I'm hoping to get him to try again with Suse 10.0 or more likely 10.1. Hopefully he'll eventually be willing to give it another try.

zenarcher 05-10-2006 07:15 AM

That is quite strange. I have used a pair of 80 GB Western Digital SATA drives since SUSE 9.3, with absolutely no problems. In fact, I run them in SATA RAID0 array. SUSE is the only distro where I've actually been able to easily set up the RAID array. The SATA drives have just been recognized....I haven't done anything specific during the install. That's using the SATA drives with an MSI KT6V motherboard.

Regards,
zenarcher

Spudley 05-10-2006 08:43 AM

Quote:

Originally Posted by zenarcher
That is quite strange. I have used a pair of 80 GB Western Digital SATA drives since SUSE 9.3, with absolutely no problems.

My own PC, which has SATA drives worked just fine with Suse 9.3 too, but my friend had the "no drives found" error with the SATA drives in his PC, using the same install disc as I'd used. I guess it's just certain drives (or possibly certain controllers) that aren't supported. Hopefully there's better support for them in 10.0 and 10.1, but as I said, I haven't had a chance to try them yet.

zenarcher 05-10-2006 09:07 AM

I've been using SUSE 10.0 since it's release and had the same install experience. Also running SATA RAID0 with 10.0. I'm expecting the same with 10.1. I think you are probably correct....the problem being related to certain drives or controllers, especially since you had no issue with thesme install disk.

Cheers,
zenarcher

fragos 05-10-2006 05:40 PM

Some mobo's only support SATA 1. SATA drives usually come strapped for SATA 2. May not be your problem but you could move the drive strap to SATA 1 to see if it works. SATA 2 is faster.

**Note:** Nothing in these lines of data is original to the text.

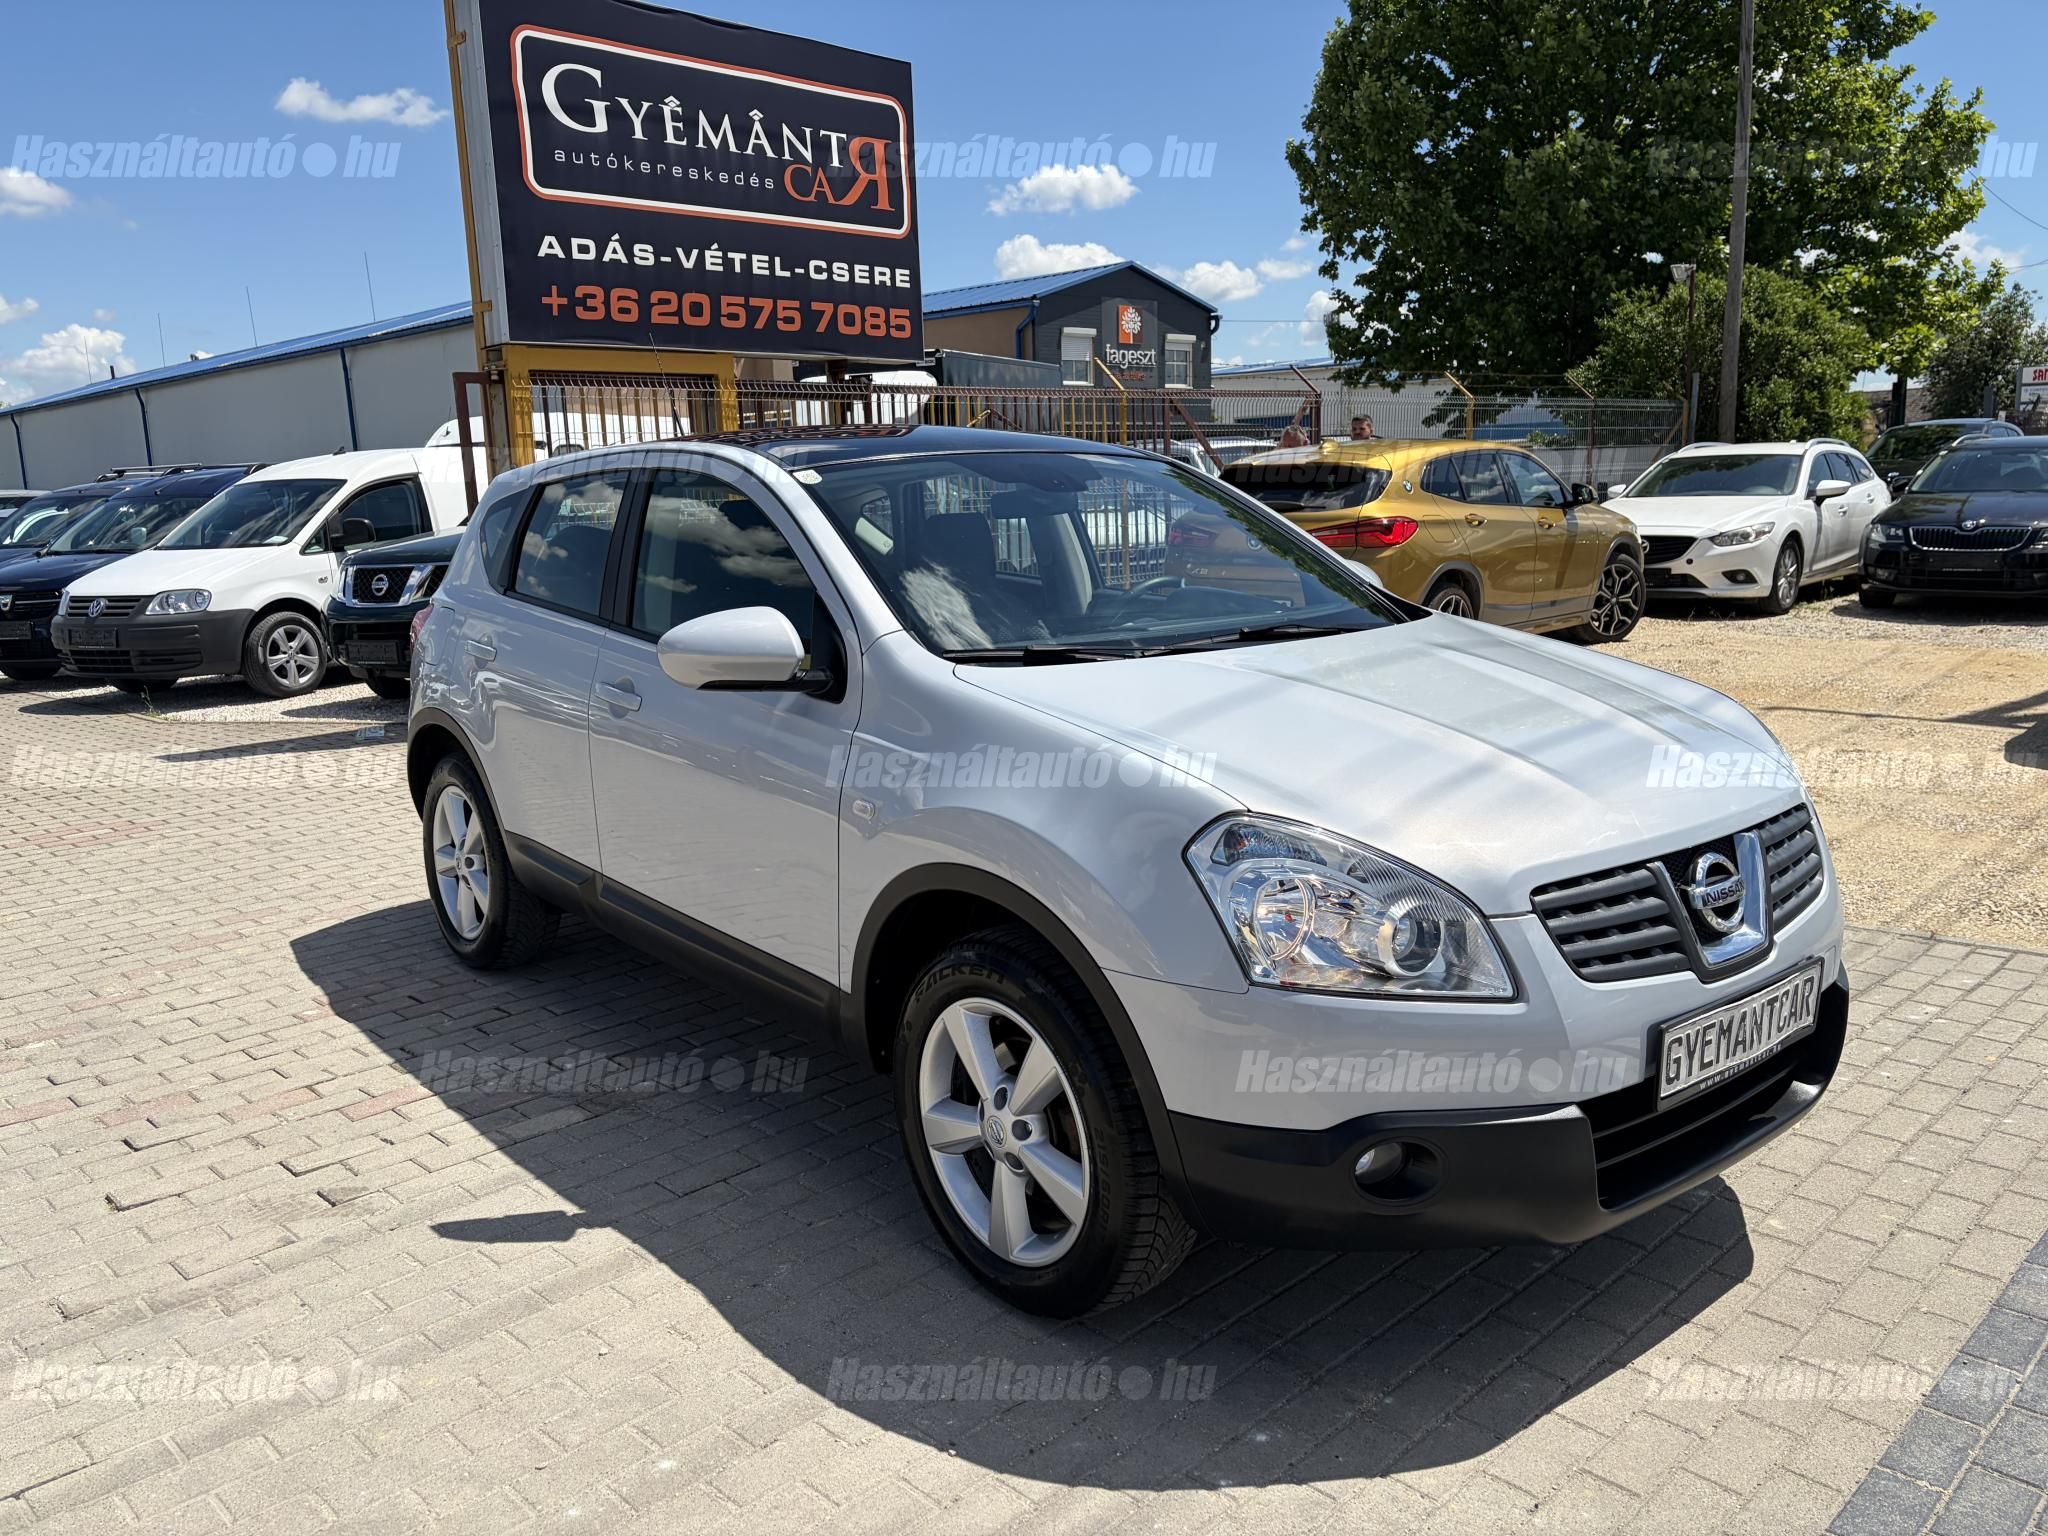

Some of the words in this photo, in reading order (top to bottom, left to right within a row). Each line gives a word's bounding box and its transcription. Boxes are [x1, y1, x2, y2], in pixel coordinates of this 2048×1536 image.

[554, 146, 775, 190] autókereskedés
[541, 284, 640, 324] +36
[650, 291, 711, 327] 20
[720, 295, 802, 333] 575
[811, 300, 912, 340] 7085
[1665, 976, 1815, 1086] GYEMANTCAR

DaveWat 05-11-2006 05:39 PM

The SuSE CDs install with no problems on other machines
and Knoppix 3.7 with no parameters loaded with no problems but
fdisk /dev/hda responded with 'unable to open /dev/hda'

fdisk -l responded with only a prompt under Knoppix

It seems odd that the hard disk is so difficult to find but
the other Linux distributions I have tried can't find it
either. But an old (2001) version of Acronis, which is just
a self-loading DOS program is able to find the HD. Someone
must know but I don't have a clue.

zenarcher 05-11-2006 05:45 PM

Well, the fdisk response does indicate that it's not seeing a SATA drive, which would be sda rather than hda.

fragos 05-11-2006 05:52 PM

I'm lost as well. As to DOS working, perhaps something is amiss that makes Linux not recognize the drive. DOS may determine drive availability in a different way that at least makes it appear to work. They are after all beasts of very different colors. Sorry I have no constructive suggestions other than what I already offered.